[Opening Task material section]

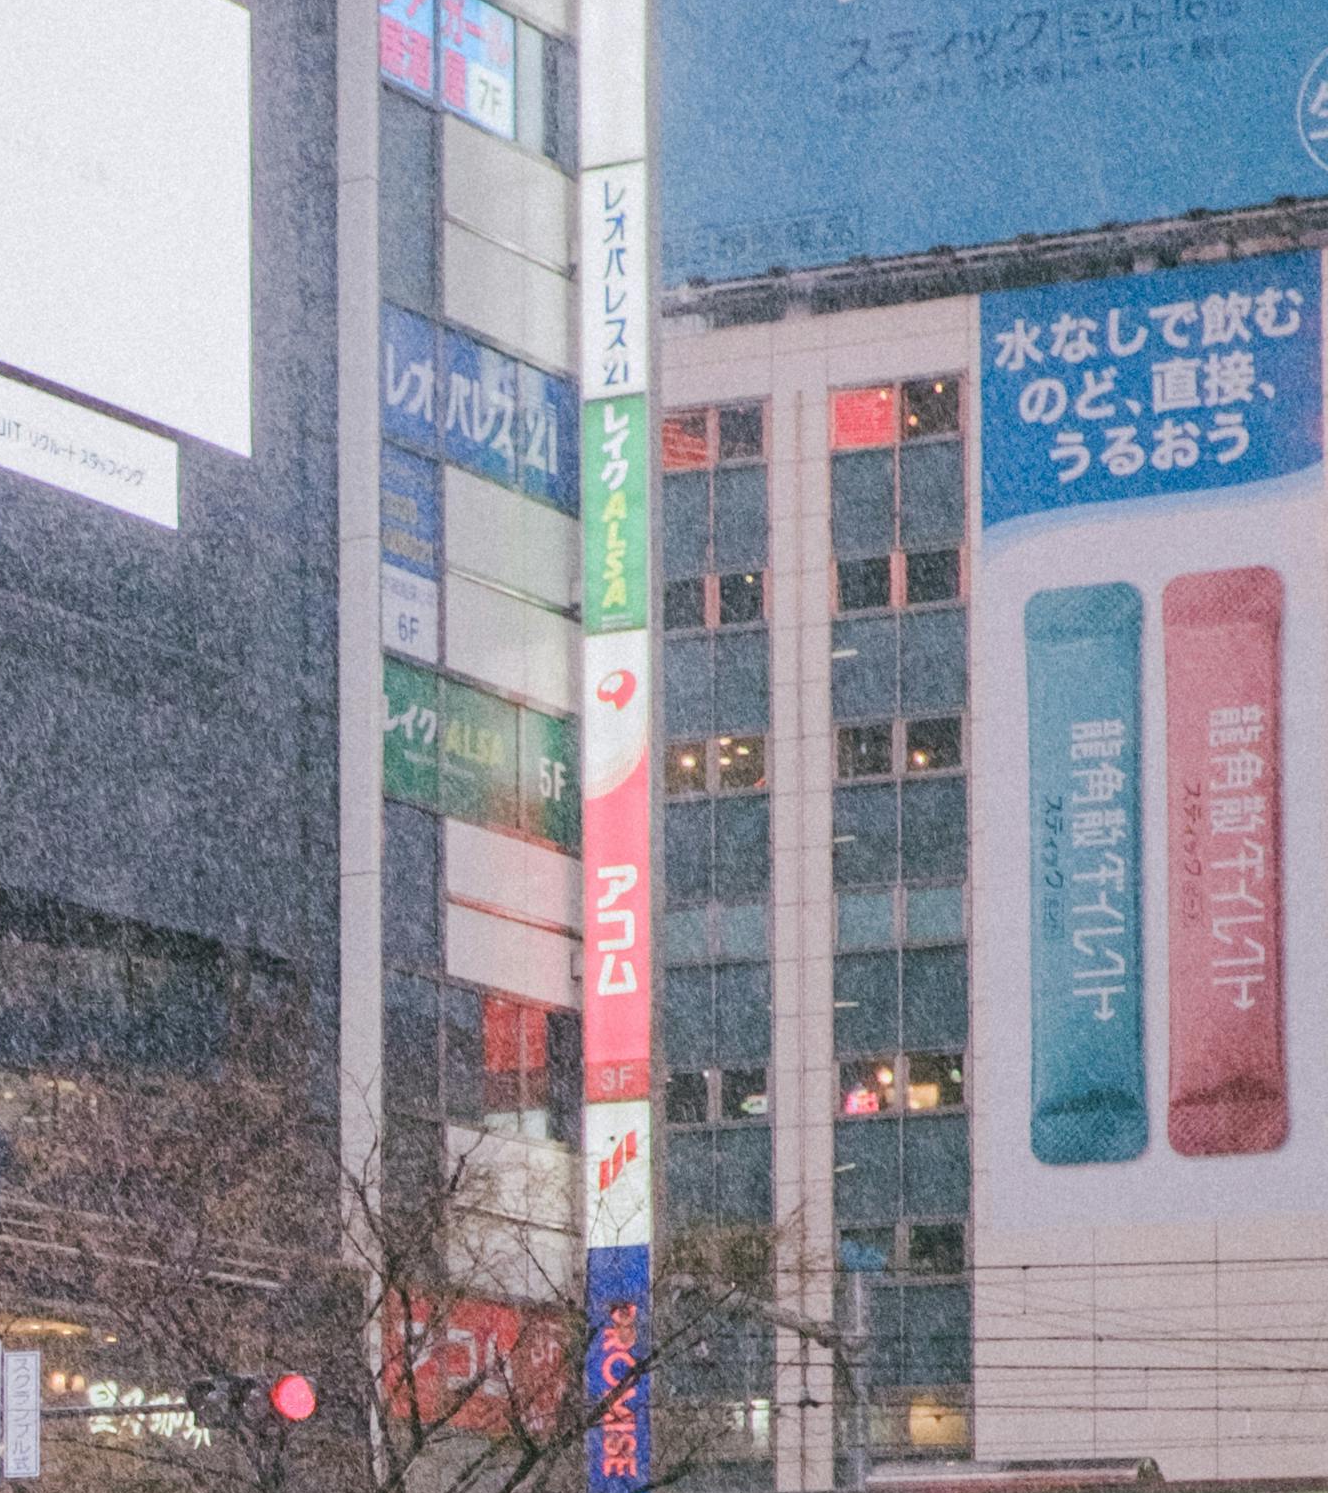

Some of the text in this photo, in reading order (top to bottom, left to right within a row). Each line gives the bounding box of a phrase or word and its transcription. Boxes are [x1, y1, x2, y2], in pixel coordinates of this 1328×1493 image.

[603, 180, 629, 386] レオパレス21
[995, 286, 1303, 372] 水なしで飲む
[386, 342, 559, 475] レオパレス21
[1018, 349, 1276, 425] のど、直接、
[600, 403, 630, 491] レイク
[1049, 412, 1250, 484] うるおう
[600, 490, 627, 608] ALSA
[397, 612, 420, 644] 6F
[597, 864, 638, 996] アコム
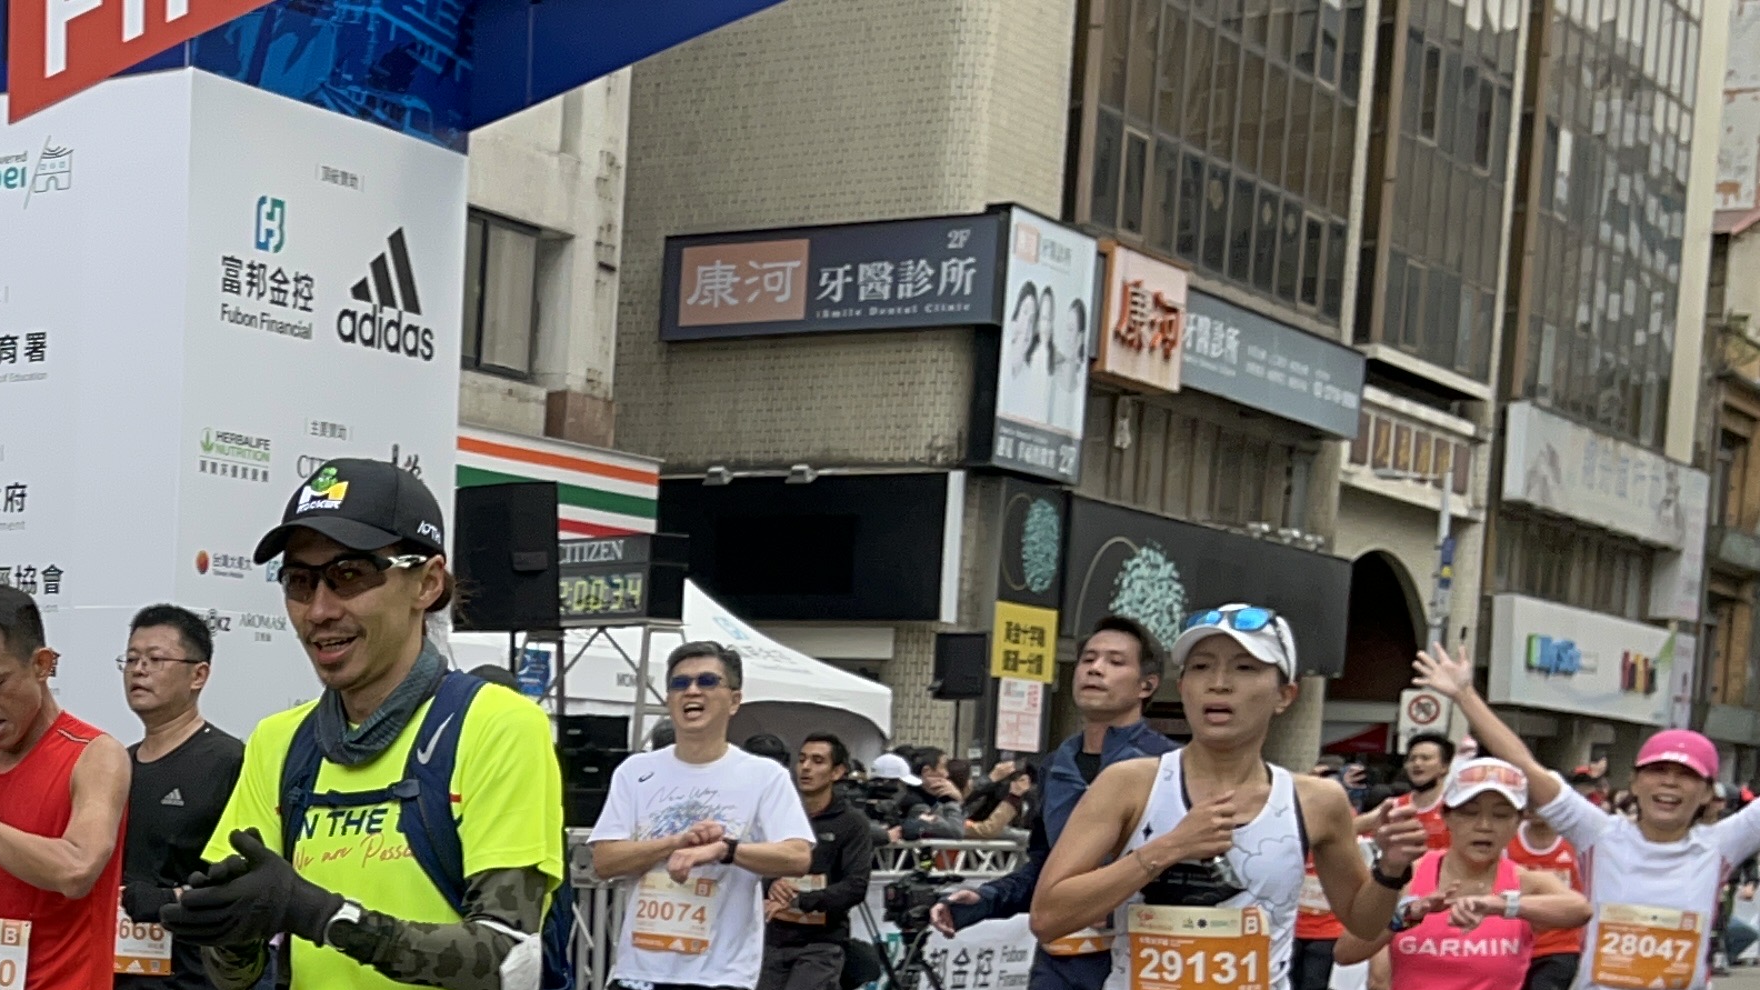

[Closing Task material section]

Write out the whole listing again, exactly, with no pictures.

> _Finished task_:
Some of the text in this photo, in reading order (top to bottom, left to right within a row). Each line gives the bounding box of a phrase or word and its transcription. Boxes are [x1, y1, x2, y2], in pixel coordinates of this 1328×1493 image.

[603, 180, 629, 386] レオパレス21
[995, 286, 1303, 372] 水なしで飲む
[386, 342, 559, 475] レオパレス21
[1018, 349, 1276, 425] のど、直接、
[600, 403, 630, 491] レイク
[1049, 412, 1250, 484] うるおう
[600, 490, 627, 608] ALSA
[397, 612, 420, 644] 6F
[597, 864, 638, 996] アコム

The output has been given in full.